On 6 November 1941 Heinrich Himmler appointed Altagayer an SS-Hauptsturmführer and on 9 November 1943 he was promoted to SS-Sturmbannführer. In 1942, Altgayer was selected as one of two representatives of the German minority in Sabor. In 1943 he was named as secretary to the Ustaše government and responsible for the internal affairs of the German minority. The leader of the NDH, Ante Pavelić, also appointed Altgayer as a reserve colonel in the Ustaše Militia and he was also bestowed with the title "Knight" (vitez). He served briefly on the German Eastern Front.

==Postwar==
After World War II, Altgayer escaped to Austria but was delivered by the British occupying power with others, against an extradition request, from Wolfsberg internment camp to Communist Yugoslavia. He was sentenced in the district court of Zagreb on 21 January 1950 for "crimes against the people and state" sentenced to death.

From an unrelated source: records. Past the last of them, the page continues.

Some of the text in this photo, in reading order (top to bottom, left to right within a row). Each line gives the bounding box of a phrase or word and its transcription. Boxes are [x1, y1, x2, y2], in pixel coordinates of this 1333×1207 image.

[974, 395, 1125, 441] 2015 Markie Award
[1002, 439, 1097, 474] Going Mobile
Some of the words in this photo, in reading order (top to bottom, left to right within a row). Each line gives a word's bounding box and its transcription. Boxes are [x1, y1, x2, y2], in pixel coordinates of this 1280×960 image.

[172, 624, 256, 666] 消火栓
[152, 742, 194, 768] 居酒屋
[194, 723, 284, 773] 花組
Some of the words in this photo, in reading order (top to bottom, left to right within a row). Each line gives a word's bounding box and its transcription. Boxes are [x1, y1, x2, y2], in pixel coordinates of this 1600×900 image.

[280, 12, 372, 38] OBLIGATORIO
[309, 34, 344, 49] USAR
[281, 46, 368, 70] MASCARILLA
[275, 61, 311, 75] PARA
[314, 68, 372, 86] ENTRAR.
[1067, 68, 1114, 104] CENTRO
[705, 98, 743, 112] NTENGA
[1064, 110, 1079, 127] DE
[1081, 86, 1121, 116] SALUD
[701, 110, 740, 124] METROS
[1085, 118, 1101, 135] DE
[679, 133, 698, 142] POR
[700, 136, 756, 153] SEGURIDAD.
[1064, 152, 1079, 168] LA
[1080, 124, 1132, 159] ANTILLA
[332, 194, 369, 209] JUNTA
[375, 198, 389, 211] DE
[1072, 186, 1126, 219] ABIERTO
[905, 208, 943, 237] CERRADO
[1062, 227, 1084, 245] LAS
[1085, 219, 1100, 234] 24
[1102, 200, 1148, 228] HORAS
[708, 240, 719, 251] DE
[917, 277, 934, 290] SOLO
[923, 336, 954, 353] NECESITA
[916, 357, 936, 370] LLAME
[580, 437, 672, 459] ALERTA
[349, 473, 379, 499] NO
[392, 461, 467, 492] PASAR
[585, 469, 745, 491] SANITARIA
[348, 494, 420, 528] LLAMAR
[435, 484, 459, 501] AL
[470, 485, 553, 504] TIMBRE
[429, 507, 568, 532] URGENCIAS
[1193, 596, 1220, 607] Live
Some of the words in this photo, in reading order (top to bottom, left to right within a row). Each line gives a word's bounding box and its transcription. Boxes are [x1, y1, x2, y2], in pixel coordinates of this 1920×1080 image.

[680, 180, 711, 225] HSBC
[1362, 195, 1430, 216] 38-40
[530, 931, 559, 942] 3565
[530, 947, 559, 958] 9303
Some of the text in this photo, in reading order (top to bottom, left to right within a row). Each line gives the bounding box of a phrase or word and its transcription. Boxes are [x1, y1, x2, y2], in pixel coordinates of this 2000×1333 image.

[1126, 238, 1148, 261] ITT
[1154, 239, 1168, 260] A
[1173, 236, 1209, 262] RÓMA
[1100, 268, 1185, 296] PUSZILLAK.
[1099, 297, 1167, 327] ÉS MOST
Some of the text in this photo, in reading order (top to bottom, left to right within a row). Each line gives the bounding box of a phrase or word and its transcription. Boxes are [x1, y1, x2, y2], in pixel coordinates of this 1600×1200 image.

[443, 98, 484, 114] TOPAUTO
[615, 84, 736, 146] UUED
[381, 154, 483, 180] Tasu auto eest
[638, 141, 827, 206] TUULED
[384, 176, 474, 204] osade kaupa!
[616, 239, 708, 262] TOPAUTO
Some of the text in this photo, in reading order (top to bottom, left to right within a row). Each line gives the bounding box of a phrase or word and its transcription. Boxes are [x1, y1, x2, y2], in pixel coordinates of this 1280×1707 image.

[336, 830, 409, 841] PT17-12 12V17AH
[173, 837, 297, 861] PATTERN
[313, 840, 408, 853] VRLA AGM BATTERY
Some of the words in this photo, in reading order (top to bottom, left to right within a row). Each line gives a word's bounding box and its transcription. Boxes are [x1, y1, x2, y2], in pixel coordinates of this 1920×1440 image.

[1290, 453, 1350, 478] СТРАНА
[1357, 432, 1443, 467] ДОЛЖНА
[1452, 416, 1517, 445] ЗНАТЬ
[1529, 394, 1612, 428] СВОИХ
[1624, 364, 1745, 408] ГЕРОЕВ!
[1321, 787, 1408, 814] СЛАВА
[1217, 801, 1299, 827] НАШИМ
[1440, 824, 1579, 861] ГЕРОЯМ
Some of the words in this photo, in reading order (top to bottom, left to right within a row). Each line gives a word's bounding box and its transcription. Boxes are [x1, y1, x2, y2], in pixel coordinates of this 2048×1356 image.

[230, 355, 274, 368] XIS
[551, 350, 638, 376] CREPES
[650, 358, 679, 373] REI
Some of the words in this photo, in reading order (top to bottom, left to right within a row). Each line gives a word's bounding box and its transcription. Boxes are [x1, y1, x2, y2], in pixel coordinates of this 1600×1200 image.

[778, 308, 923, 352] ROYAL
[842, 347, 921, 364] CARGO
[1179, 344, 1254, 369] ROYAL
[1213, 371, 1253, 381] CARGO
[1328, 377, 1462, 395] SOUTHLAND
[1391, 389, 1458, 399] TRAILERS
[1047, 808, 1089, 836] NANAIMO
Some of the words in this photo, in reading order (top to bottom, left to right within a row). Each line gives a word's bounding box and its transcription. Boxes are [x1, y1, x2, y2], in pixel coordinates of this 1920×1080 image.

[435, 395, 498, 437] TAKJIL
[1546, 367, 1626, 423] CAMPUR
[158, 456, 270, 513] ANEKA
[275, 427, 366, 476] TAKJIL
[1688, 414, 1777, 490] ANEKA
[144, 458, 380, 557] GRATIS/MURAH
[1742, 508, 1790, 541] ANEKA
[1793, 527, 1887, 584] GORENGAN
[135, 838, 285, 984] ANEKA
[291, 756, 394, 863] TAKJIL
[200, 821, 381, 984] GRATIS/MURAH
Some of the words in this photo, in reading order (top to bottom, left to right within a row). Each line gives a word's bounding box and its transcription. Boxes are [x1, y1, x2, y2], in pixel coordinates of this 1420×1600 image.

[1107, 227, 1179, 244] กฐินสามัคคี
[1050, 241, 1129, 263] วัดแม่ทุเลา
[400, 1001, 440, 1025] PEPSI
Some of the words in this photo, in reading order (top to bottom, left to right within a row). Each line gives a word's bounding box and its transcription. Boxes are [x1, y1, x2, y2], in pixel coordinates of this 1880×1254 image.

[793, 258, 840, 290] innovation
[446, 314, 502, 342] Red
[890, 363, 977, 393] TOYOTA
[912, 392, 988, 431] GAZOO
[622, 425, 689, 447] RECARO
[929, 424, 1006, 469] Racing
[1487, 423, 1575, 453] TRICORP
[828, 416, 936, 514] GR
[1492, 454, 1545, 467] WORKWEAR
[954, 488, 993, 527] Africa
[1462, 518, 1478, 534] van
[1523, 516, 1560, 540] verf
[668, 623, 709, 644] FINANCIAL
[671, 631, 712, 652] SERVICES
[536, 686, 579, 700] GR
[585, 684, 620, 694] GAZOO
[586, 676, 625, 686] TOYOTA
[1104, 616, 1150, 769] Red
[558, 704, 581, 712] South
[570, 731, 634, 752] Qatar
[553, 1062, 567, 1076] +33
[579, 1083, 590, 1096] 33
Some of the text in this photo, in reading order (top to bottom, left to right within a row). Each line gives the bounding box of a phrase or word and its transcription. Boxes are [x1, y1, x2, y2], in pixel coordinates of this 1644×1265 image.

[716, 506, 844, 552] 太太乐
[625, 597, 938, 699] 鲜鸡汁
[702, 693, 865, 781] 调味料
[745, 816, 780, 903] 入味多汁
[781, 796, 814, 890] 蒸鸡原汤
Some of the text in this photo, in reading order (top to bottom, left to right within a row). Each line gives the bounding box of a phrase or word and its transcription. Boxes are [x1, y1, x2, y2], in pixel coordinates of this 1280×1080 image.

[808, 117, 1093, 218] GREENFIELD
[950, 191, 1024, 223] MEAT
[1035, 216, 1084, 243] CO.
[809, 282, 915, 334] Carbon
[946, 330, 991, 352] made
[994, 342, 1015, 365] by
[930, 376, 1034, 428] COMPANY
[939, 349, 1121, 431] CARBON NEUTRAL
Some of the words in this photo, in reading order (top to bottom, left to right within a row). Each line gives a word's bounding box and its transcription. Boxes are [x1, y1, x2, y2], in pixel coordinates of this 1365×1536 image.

He filed a petition for mercy in vain and, officially at least, he was executed by firing squad on 15 May, either 1950 or 1951, aged either 52 or 53.

== See also ==
- Einsatzstaffel (Independent State of Croatia)

==Literature==
- Vladimir Geiger, Saslušanje Branimira Altgayera vođe Njemacke narodne skupine u Nezavisnoj Državi Hrvatskoj u Upravi državne bezbjednosti za Narodnu Republiku Hrvatsku 1949. godine [Die Vernehmung von Branimir Altgayer, dem Führer der Deutschen Volksgruppe im NDH im Staatssicherheitsdienst der Volksrepublik Kroatien 1949]. Časopis za suvremenu povijest, (Zagreb, 1999) 31, pp. 575-638.
- Mads Ole Balling, Von Reval bis Bukarest - Statistisch-Biographisches Handbuch der Parlamentarier der deutschen Minderheiten in Ostmittel und Südosteuropa 1919-1945, Band 2, 2. Auflage. (Kopenhagen 1991), ISBN 87-983829-5-0, pp. 687-688.
- Anton Scherer, Suevia-Pannonica, (Graz 2009)
- Valdis O. Lumans, Himmler's Auxiliaries, The Volksdeutsche Mittelstelle and the German Minorities of Europe, 1939-1945 (1993)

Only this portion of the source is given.